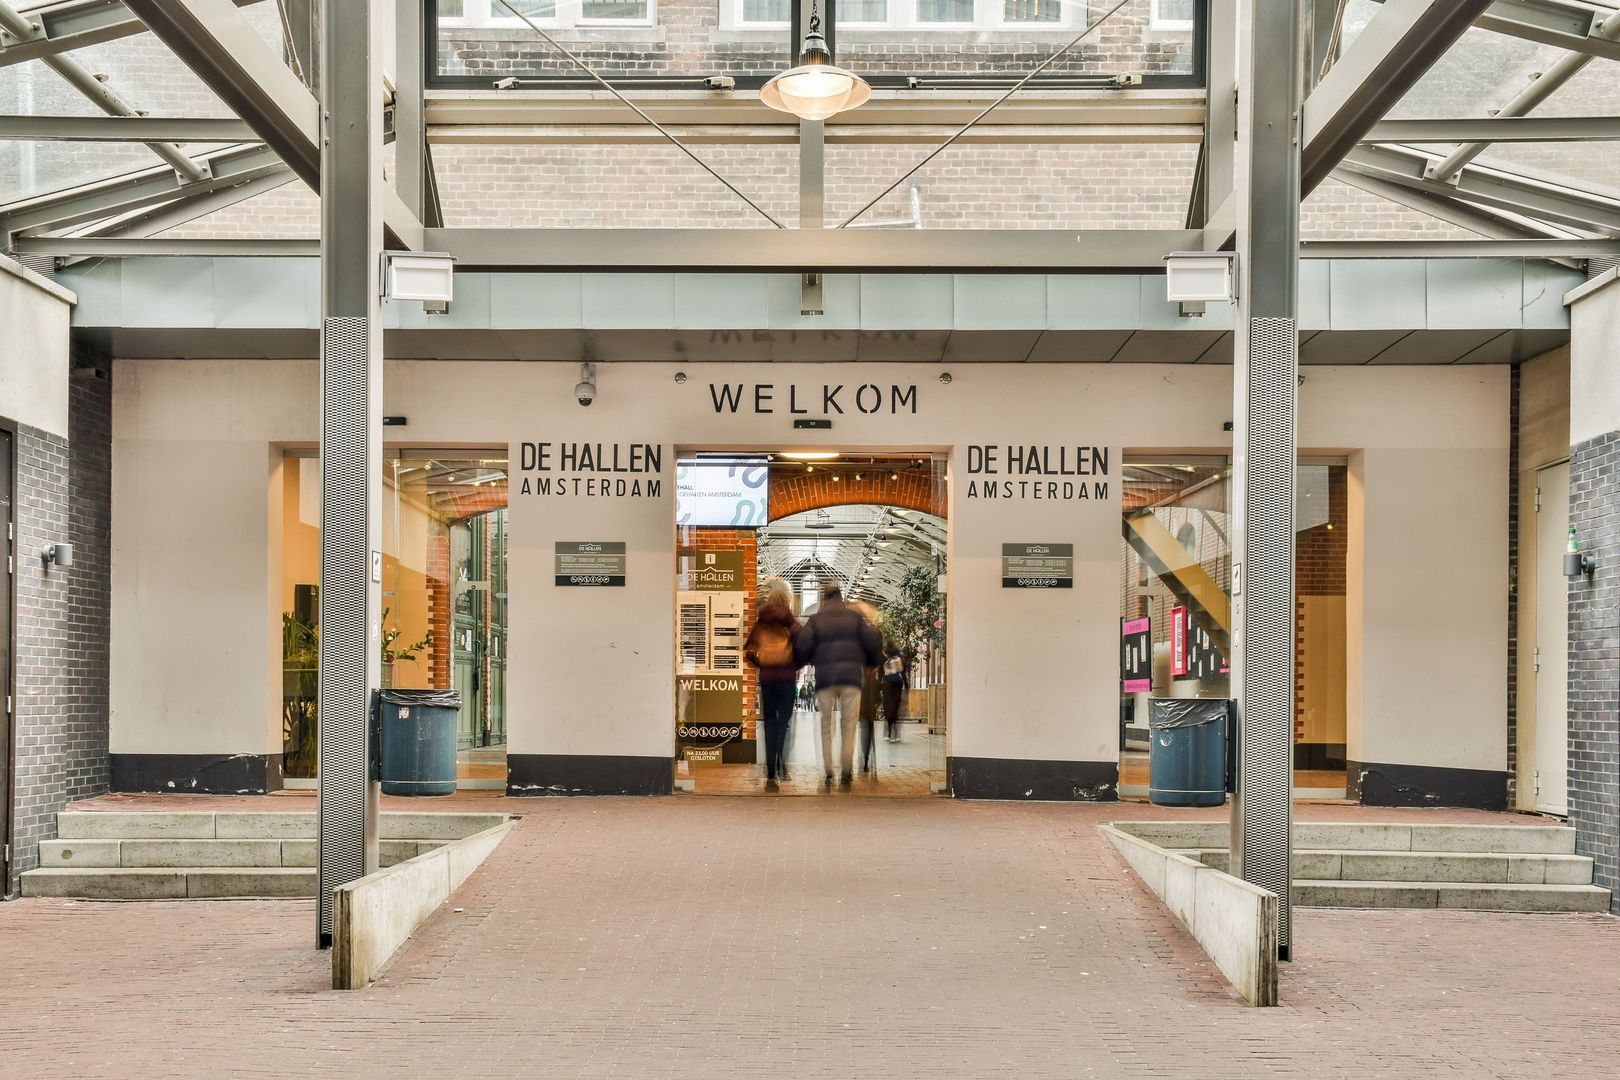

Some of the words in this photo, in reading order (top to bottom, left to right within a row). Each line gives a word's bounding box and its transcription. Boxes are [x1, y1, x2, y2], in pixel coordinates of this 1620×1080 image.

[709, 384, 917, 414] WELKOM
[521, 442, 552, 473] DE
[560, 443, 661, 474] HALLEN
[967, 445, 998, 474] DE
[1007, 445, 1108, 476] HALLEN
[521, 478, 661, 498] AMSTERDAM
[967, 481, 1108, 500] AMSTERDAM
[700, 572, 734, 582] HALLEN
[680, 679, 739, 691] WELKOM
* * * *
## What the task asks
None of the pictures belongs in the answer, but all the entries must be repeated exactly.

## Solution for this problem
Some of the words in this photo, in reading order (top to bottom, left to right within a row). Each line gives a word's bounding box and its transcription. Boxes are [x1, y1, x2, y2], in pixel coordinates of this 1620×1080 image.

[709, 384, 917, 414] WELKOM
[521, 442, 552, 473] DE
[560, 443, 661, 474] HALLEN
[967, 445, 998, 474] DE
[1007, 445, 1108, 476] HALLEN
[521, 478, 661, 498] AMSTERDAM
[967, 481, 1108, 500] AMSTERDAM
[700, 572, 734, 582] HALLEN
[680, 679, 739, 691] WELKOM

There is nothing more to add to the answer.